Assigned task:
For this exercise, reproduce the records exactly as they stand and do not carry any images over.

---------- Provided records ----------

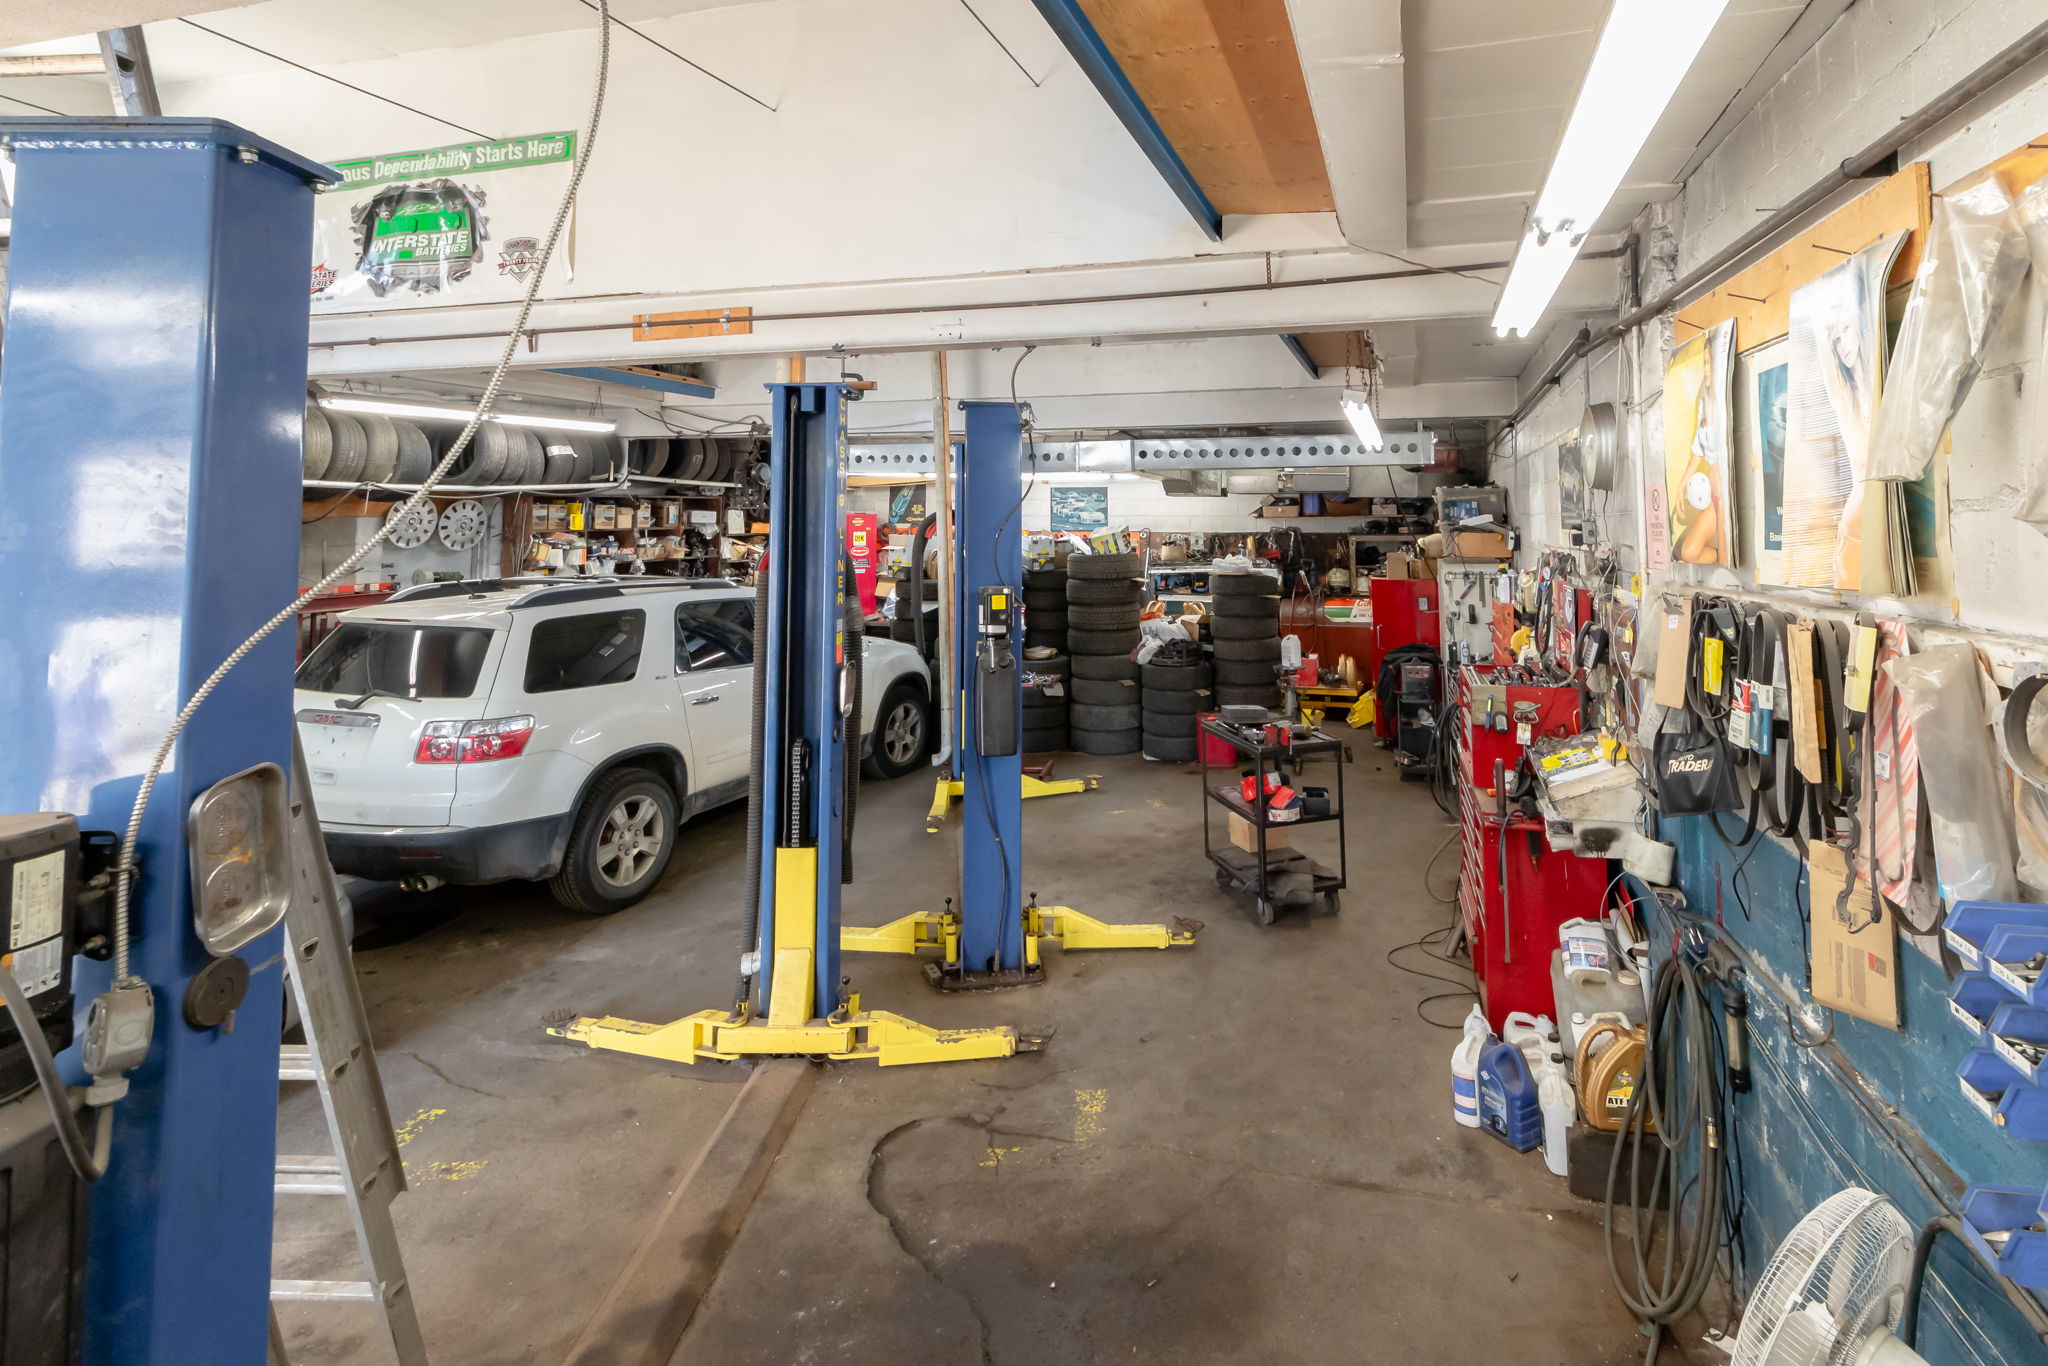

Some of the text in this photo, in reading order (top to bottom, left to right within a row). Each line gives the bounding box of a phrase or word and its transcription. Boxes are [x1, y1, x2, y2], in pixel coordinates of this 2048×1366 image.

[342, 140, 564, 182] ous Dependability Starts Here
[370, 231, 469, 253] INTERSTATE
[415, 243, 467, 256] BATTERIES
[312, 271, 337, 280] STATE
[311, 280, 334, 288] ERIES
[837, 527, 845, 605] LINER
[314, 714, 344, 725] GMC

----------

Answer below:
Some of the text in this photo, in reading order (top to bottom, left to right within a row). Each line gives the bounding box of a phrase or word and its transcription. Boxes are [x1, y1, x2, y2], in pixel coordinates of this 2048×1366 image.

[342, 140, 564, 182] ous Dependability Starts Here
[370, 231, 469, 253] INTERSTATE
[415, 243, 467, 256] BATTERIES
[312, 271, 337, 280] STATE
[311, 280, 334, 288] ERIES
[837, 527, 845, 605] LINER
[314, 714, 344, 725] GMC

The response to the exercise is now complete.